**REQUIREMENT**: All entries are to be copied exactly, with pictures removed.

Saved data entries
● ● ● ● ●
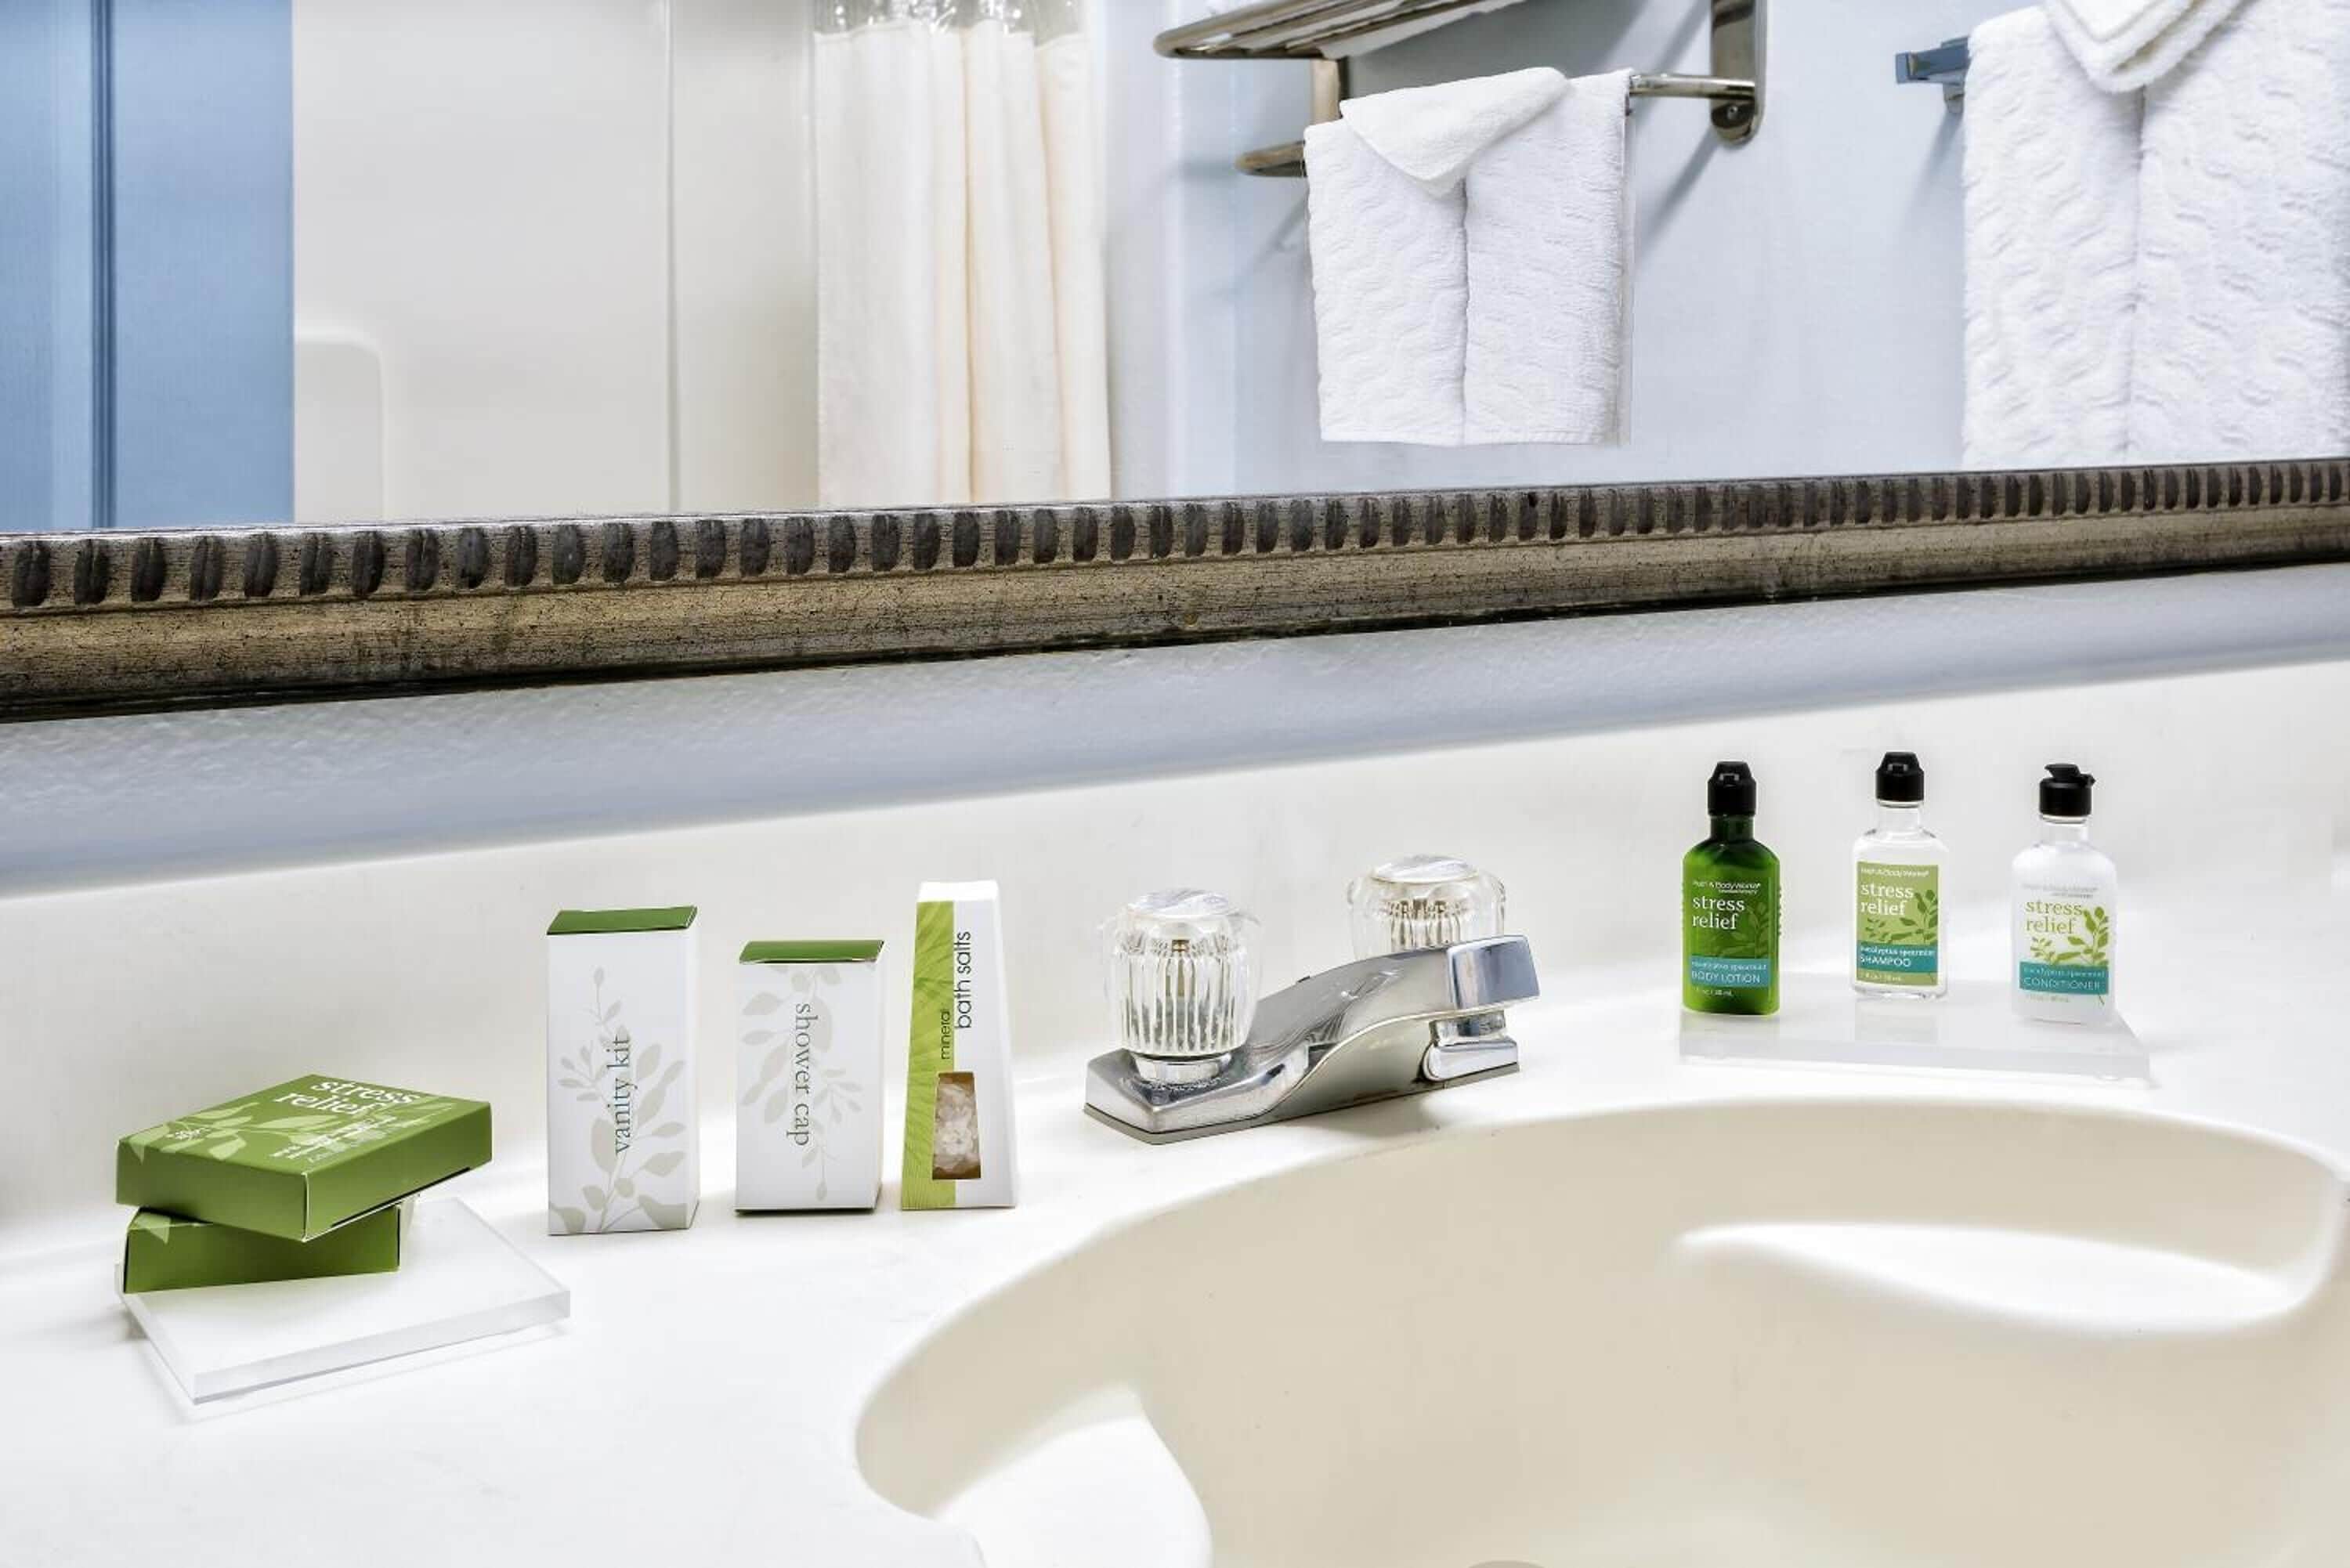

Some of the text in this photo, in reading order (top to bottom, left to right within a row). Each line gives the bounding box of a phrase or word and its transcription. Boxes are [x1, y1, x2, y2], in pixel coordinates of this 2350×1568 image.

[1860, 883, 1914, 898] stress
[1693, 896, 1745, 911] stress
[1860, 898, 1908, 916] relief
[2025, 900, 2083, 916] stress
[1692, 912, 1740, 930] relief
[2026, 916, 2076, 934] relief
[1860, 955, 1912, 967] SHAMPOO
[953, 930, 972, 1029] bath salts
[1691, 970, 1761, 984] BODY LOTION
[786, 1003, 819, 1147] shower cap
[310, 1081, 421, 1104] stress
[606, 1034, 638, 1155] vanity kit
[274, 1092, 387, 1115] relief
● ● ● ● ●
**ANSWER TO THIS PROBLEM**:
Some of the text in this photo, in reading order (top to bottom, left to right within a row). Each line gives the bounding box of a phrase or word and its transcription. Boxes are [x1, y1, x2, y2], in pixel coordinates of this 2350×1568 image.

[1860, 883, 1914, 898] stress
[1693, 896, 1745, 911] stress
[1860, 898, 1908, 916] relief
[2025, 900, 2083, 916] stress
[1692, 912, 1740, 930] relief
[2026, 916, 2076, 934] relief
[1860, 955, 1912, 967] SHAMPOO
[953, 930, 972, 1029] bath salts
[1691, 970, 1761, 984] BODY LOTION
[786, 1003, 819, 1147] shower cap
[310, 1081, 421, 1104] stress
[606, 1034, 638, 1155] vanity kit
[274, 1092, 387, 1115] relief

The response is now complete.